Bangalore: After four decades of letdown in the quest of new drugs for tuberculosis, a disease that claims two million lives a year (at least 350,000 in India, according to the government), researchers are reporting a whole new class of broad-spectrum antibiotics which they claim can be a bulwark against TB and other bacterial infections.
Reporting in Friday’s issue of the journal Cell, a team of researchers from Howard Hughes Medical Institute and Rutgers University in New Jersey says the discovery holds promise at a time when 25% of all deaths worldwide are due to bacterial infectious diseases with most disease causing bacteria turning resistant to available antibiotics.
Also See India’s Vulnerability To TB (Graphic)
Researchers have discovered three new antibiotic compounds—myxopyronin, corallopyronin and ripostatin—which are, in fact, natural products of the bacteria themselves, used by them in some sort of a chemical warfare for survival of the fittest. All three compounds block the action of RNA polymerase, particularly in bacteria. RNA polymerase is an essential enzyme in all organisms and plays a crucial role in the assembly of proteins.
This is indeed a significant development, says Tanjore Balganesh, head of research, AstraZeneca India Pvt. Ltd, in Bangalore. “Even though RNA polymerase has been recognized as a more than perfect target for drug development based on its essentiality and structural conservation across different bacteria, no synthetic inhibitors of the enzyme have emerged as lead compounds,” he adds.
Among big pharma, AstraZeneca is one of the few companies to have a dedicated TB research programme.
Balganesh thinks the excitement in the current findings is also because the suggested mode of action here has been exploited in HIV drug research. For the New Jersey researchers, “it’s an amazing site, a drug designer’s dream”.
Agrees Balganesh: “The structural data indeed suggest that it is a pocket which can accommodate multiple chemicals…it clearly is a good starting point for drug design”.
Though RNA polymerase is also the seat of action for the current TB drug rifamycins, the new compounds act through a different mechanism and researchers believe bacteria won’t turn resistant to it.
Another claim from the team comes in reducing the treatment time which currently ranges from six months to two years and is the leading cause of non-compliance and drug resistance. “The Holy Grail in TB therapy is to reduce the course of therapy from six months to two weeks, to make treatment of TB like any other bacterial infections,” says Richard Ebright of Howard Hughes.
But according to Balganesh, this claim is presumptuous. “What therapy translates to a reduction in the duration of treatment is a ‘black box’ both in terms of the properties of the compound as well as the target/pathway the compound is active (on),” he argues. This, he says, can be determined only in studies with patients.
If new drugs haven’t emerged due to big pharma’s apathy, new generation diagnostics have proved equally elusive: nothing new has arrived in 100 years.
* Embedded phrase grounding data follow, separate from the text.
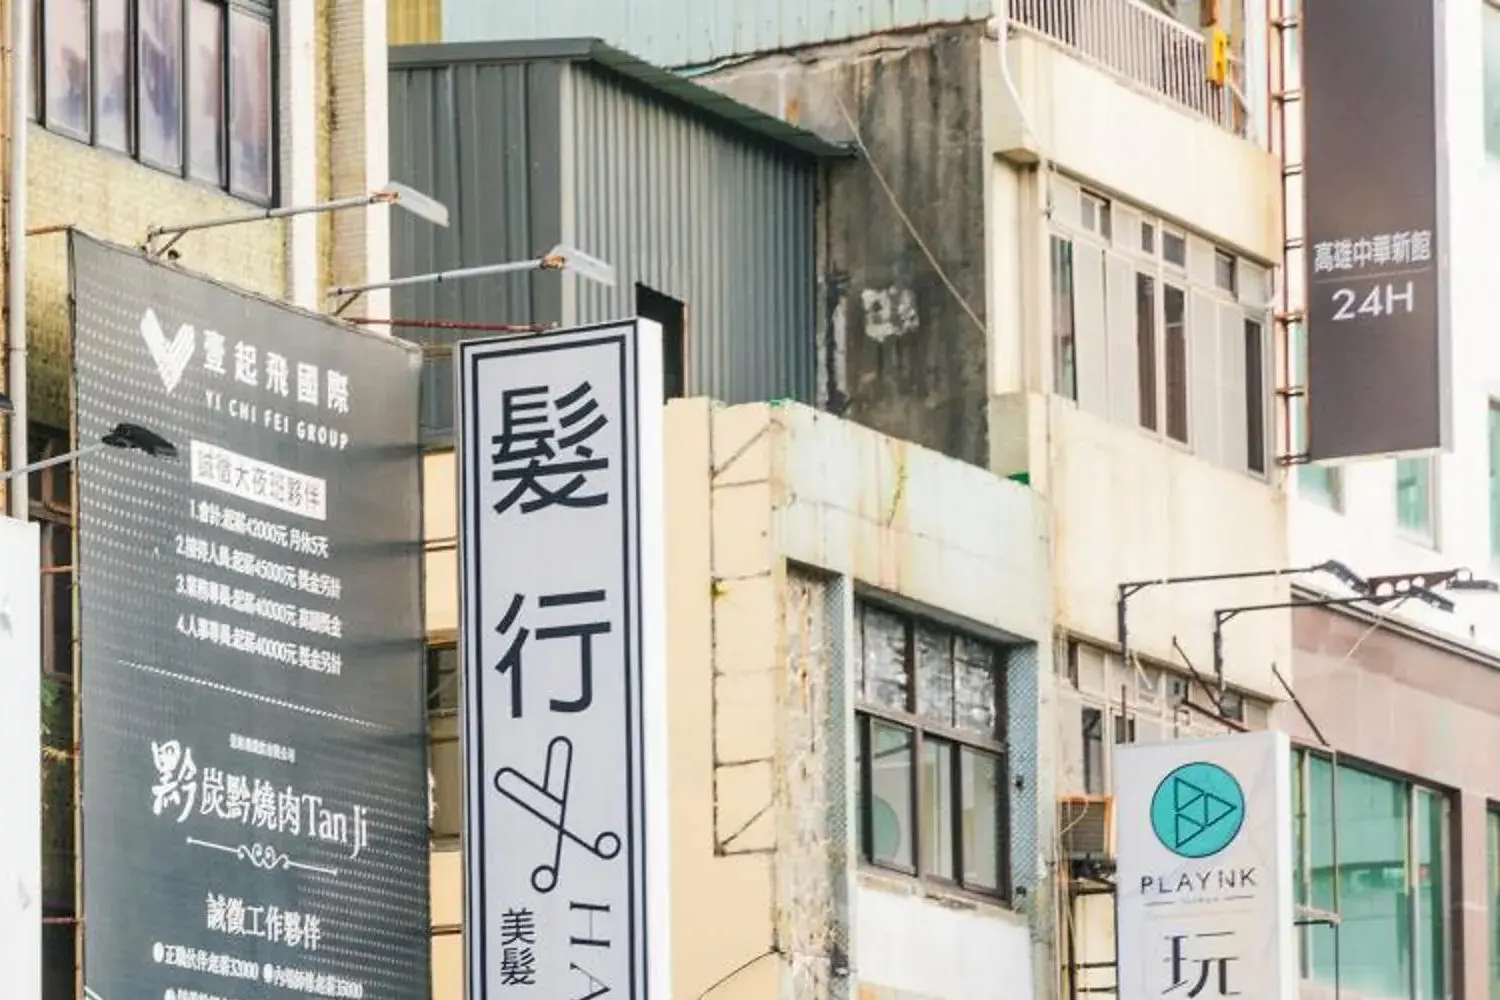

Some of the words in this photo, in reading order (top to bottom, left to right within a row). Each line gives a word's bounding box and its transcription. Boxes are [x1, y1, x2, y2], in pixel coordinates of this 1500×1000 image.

[1313, 230, 1432, 273] 高雄中華新館
[1331, 281, 1414, 321] 24H
[229, 399, 257, 423] CHI
[264, 408, 289, 433] FEI
[297, 420, 349, 450] GROUP
[492, 381, 611, 718] 髮行
[501, 907, 537, 986] 美髮
However, hope lurks in the work done by Seyed E. Hasnain, vice-chancellor, University of Hyderabad, (formerly at Centre for DNA Fingerprinting and Diagnostics) and his team.
They’ve found three new biomarkers (antigens) which show properties to detect types of TB that are beyond detection in existing diagnostics. “There is currently no way to diagnose cases of active TB but one of our antigens, PE 25, exactly discriminates active TB from other categories of the disease,” says Hasnain.
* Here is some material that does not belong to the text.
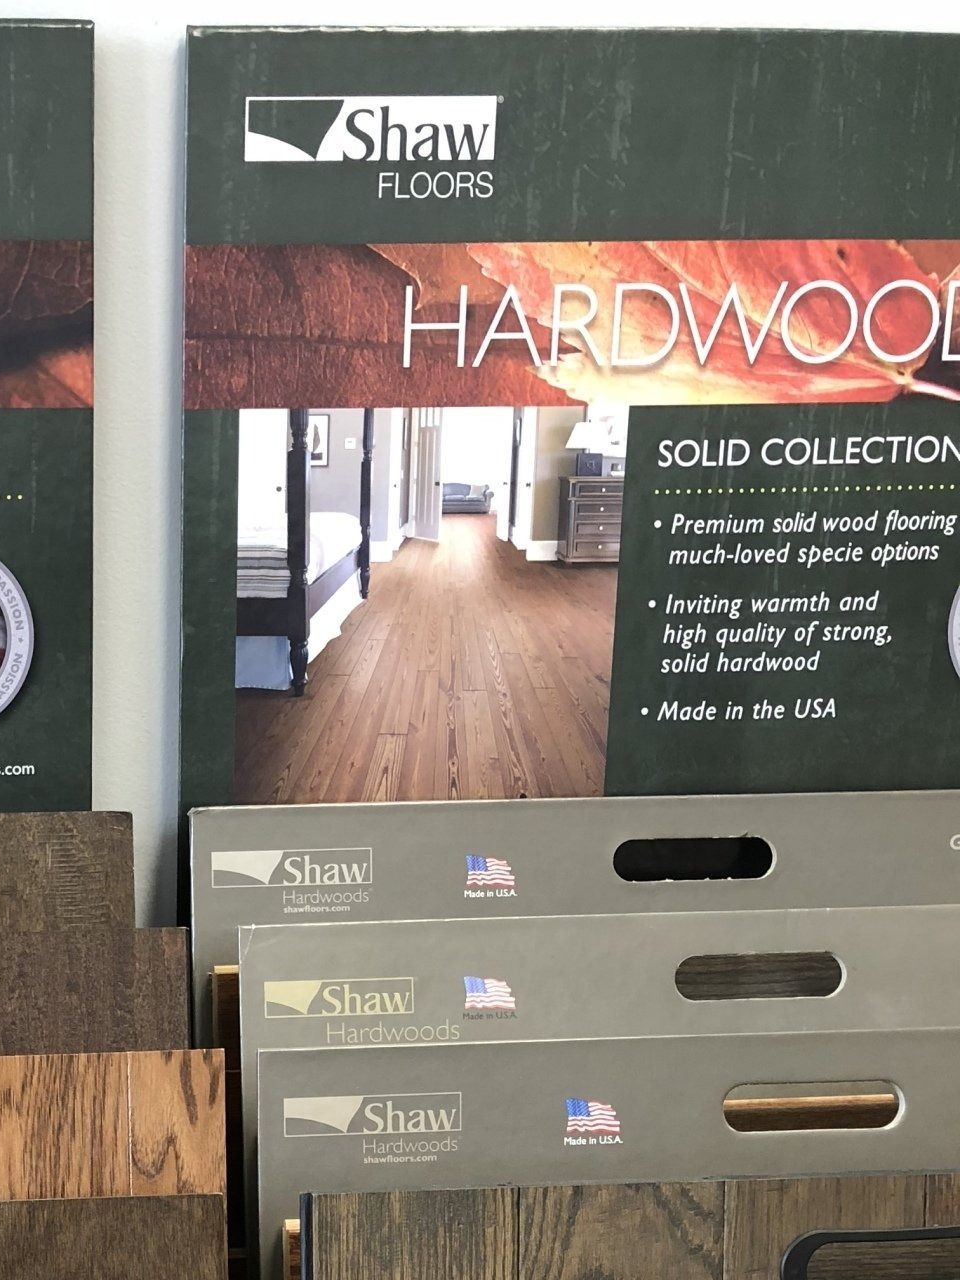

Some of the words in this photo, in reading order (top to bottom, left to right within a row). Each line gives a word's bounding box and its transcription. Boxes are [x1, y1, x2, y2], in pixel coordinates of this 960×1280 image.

The second antigen can detect relapse cases of TB, for which no test exists today even though the drug regime in relapsed cases could be different from previous treatments. The third antigen is able to detect TB in a BCG (TB vaccine) background. That is, current tests show TB positivity even if one has had BCG vaccination and hence one is not sure if it is actual TB or a false positive due to background BCG, explains Hasnain, who has licensed his work to California-based life sciences company Biogenics.
Though these antigens are potential biomarkers for diagnostics, more specific and accurate than existing ones, but they have been tested in a small population. “We are working with Biogenics to validate the results in a larger well-defined population,” says Sharmistha Banerjee, a team member.
Her group believes a cost-effective and user-friendly diagnostics could emerge from this as it is an ELISA-based system, which was the first screening test to be commonly used for HIV.
New drug or diagnostics— whichever comes first will speed up TB’s race against time, particularly when it’s the global non-profit alliance that is driving research, not the big pharma.